TASK TO CARRY OUT
Retype the data that follows exactly. No pictures belong in the copy.

THE INPUT
◆ ◆ ◆

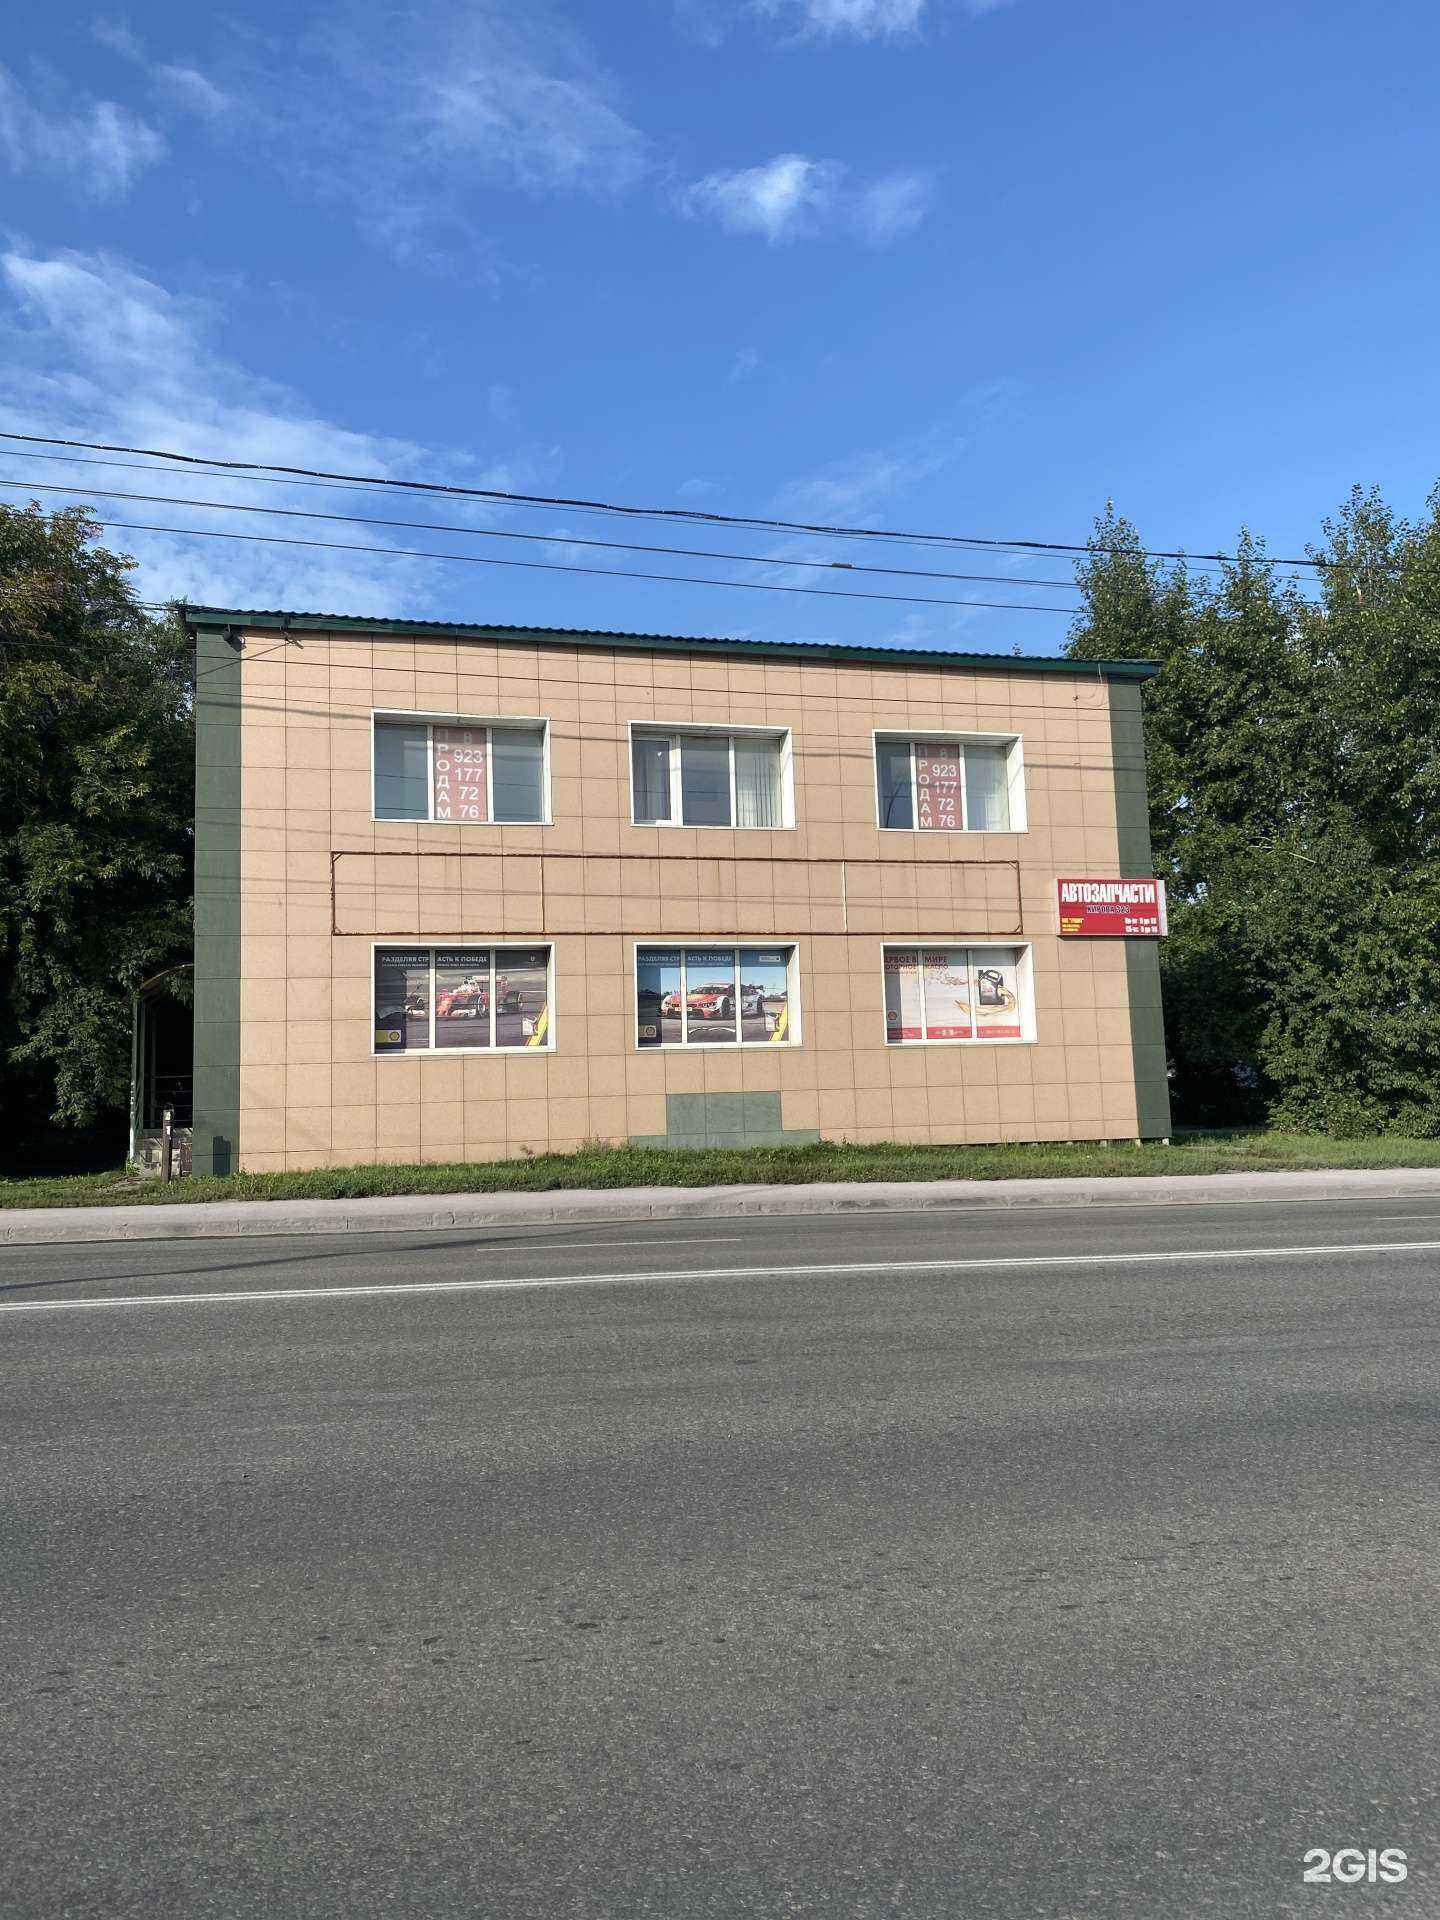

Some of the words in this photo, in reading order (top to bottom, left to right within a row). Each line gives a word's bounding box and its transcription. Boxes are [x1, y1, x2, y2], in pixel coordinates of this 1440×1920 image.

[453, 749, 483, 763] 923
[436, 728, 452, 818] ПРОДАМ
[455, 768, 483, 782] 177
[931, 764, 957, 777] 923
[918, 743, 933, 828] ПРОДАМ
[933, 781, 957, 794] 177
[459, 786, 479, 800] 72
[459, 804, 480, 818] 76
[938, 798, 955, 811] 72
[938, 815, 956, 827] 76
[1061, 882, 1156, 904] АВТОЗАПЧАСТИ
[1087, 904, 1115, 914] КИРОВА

◆ ◆ ◆

RESULT OF THIS EXERCISE
Some of the words in this photo, in reading order (top to bottom, left to right within a row). Each line gives a word's bounding box and its transcription. Boxes are [x1, y1, x2, y2], in pixel coordinates of this 1440×1920 image.

[453, 749, 483, 763] 923
[436, 728, 452, 818] ПРОДАМ
[455, 768, 483, 782] 177
[931, 764, 957, 777] 923
[918, 743, 933, 828] ПРОДАМ
[933, 781, 957, 794] 177
[459, 786, 479, 800] 72
[459, 804, 480, 818] 76
[938, 798, 955, 811] 72
[938, 815, 956, 827] 76
[1061, 882, 1156, 904] АВТОЗАПЧАСТИ
[1087, 904, 1115, 914] КИРОВА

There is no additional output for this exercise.